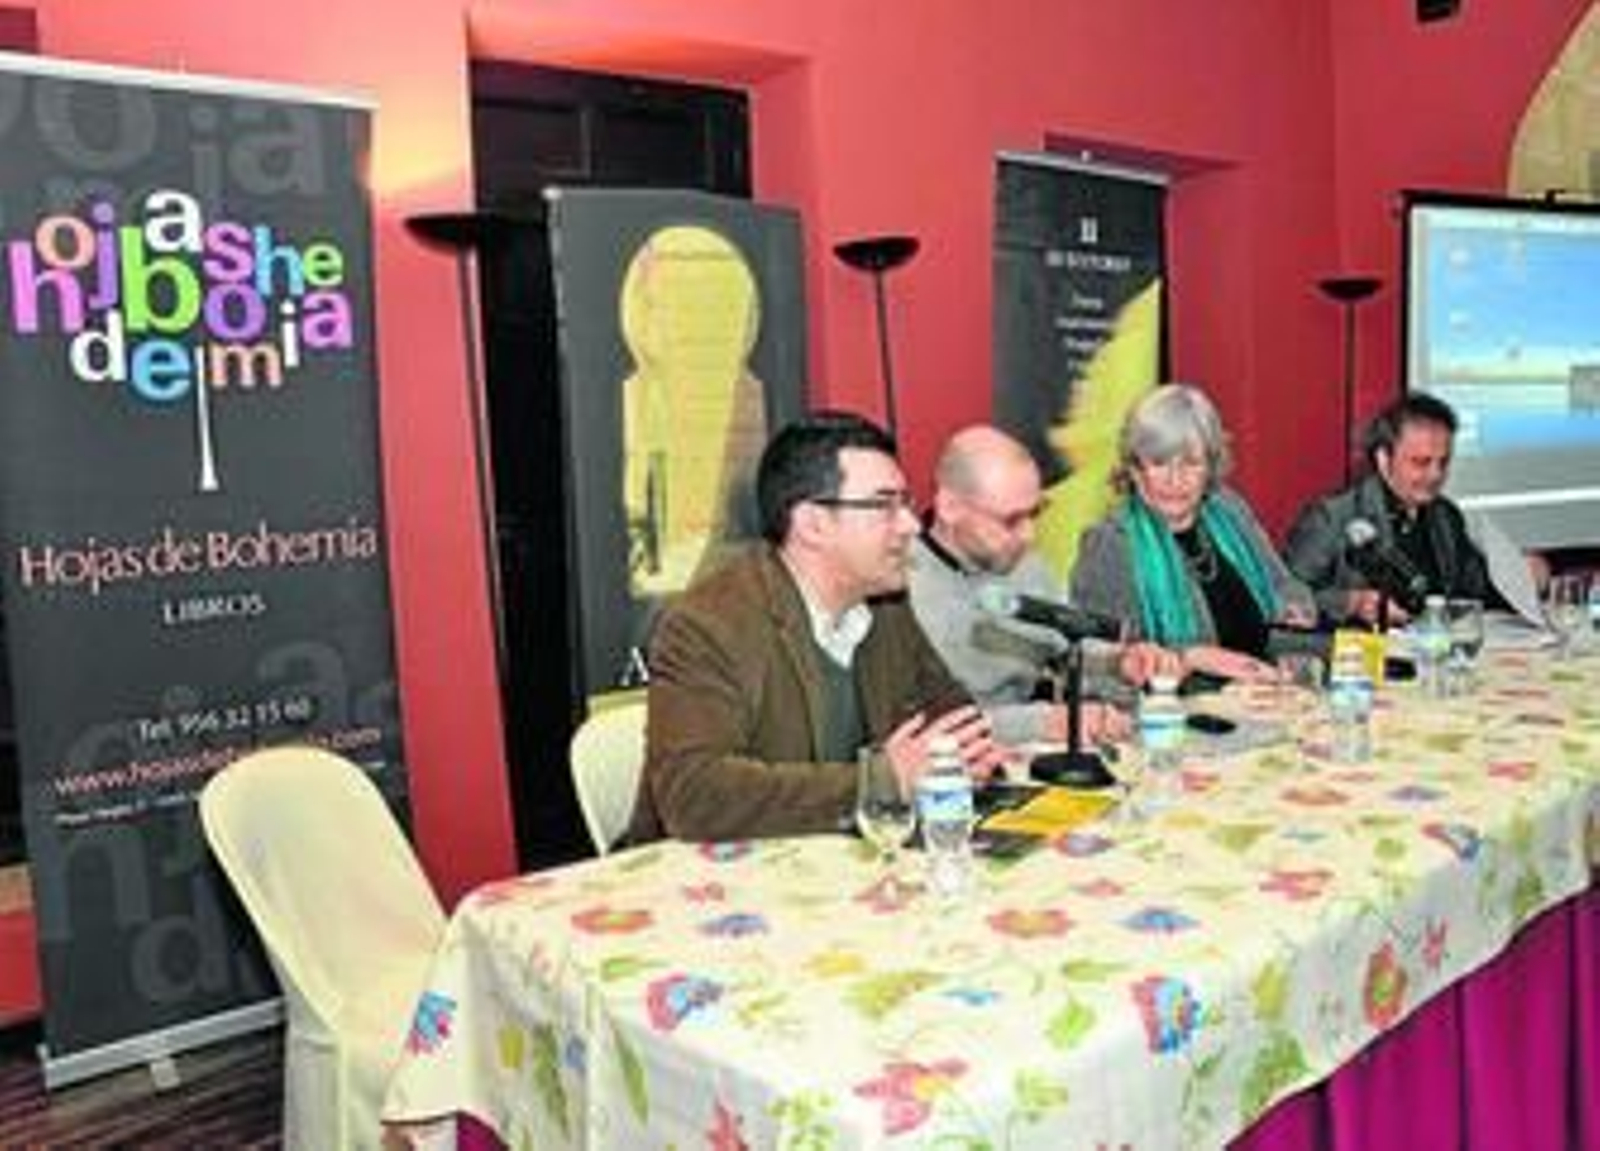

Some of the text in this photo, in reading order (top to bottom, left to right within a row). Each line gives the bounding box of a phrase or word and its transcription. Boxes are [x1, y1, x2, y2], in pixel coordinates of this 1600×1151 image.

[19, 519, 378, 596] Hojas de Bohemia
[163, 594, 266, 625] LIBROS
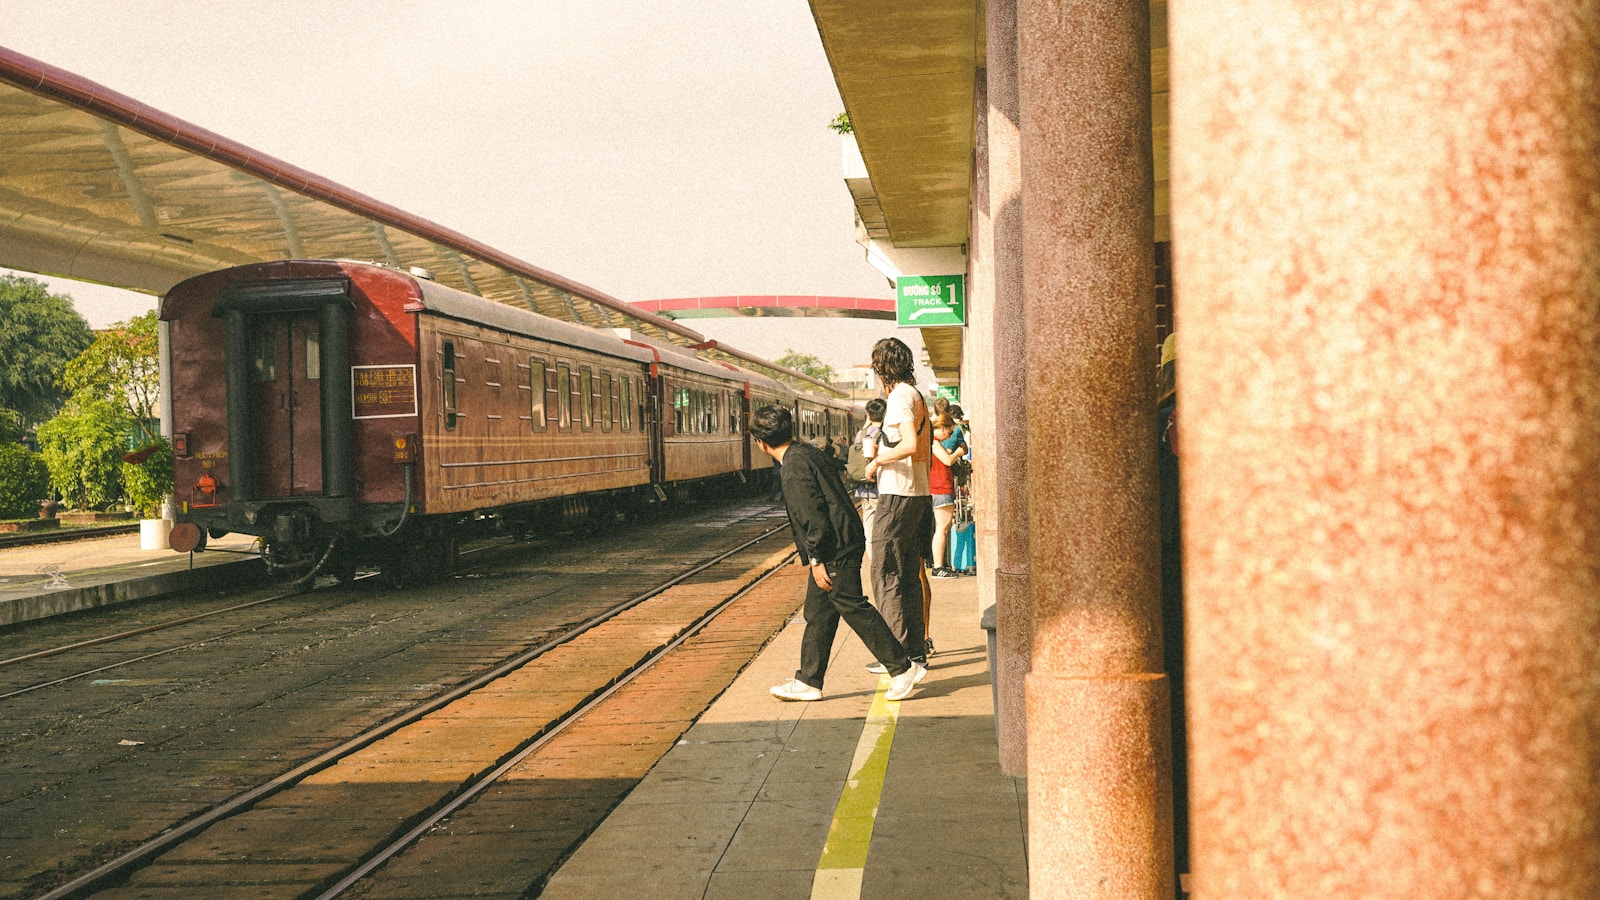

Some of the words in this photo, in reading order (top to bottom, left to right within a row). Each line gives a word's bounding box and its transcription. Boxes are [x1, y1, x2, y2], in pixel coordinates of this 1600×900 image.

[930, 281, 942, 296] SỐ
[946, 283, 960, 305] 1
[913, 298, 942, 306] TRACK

+++++

A verbatim copy of the material, pictures excluded, is what must be produced.

- [Exercise output]
Some of the text in this photo, in reading order (top to bottom, left to right within a row). Each line gives the bounding box of a phrase or word and its transcription. Boxes are [x1, y1, x2, y2], in pixel coordinates of this 1600×1151 image.

[19, 519, 378, 596] Hojas de Bohemia
[163, 594, 266, 625] LIBROS

Some of the words in this photo, in reading order (top to bottom, left to right within a row). Each line gives a word's bounding box and its transcription. Boxes are [x1, y1, x2, y2], in pixel coordinates of this 1600×900 image.

[930, 281, 942, 296] SỐ
[946, 283, 960, 305] 1
[913, 298, 942, 306] TRACK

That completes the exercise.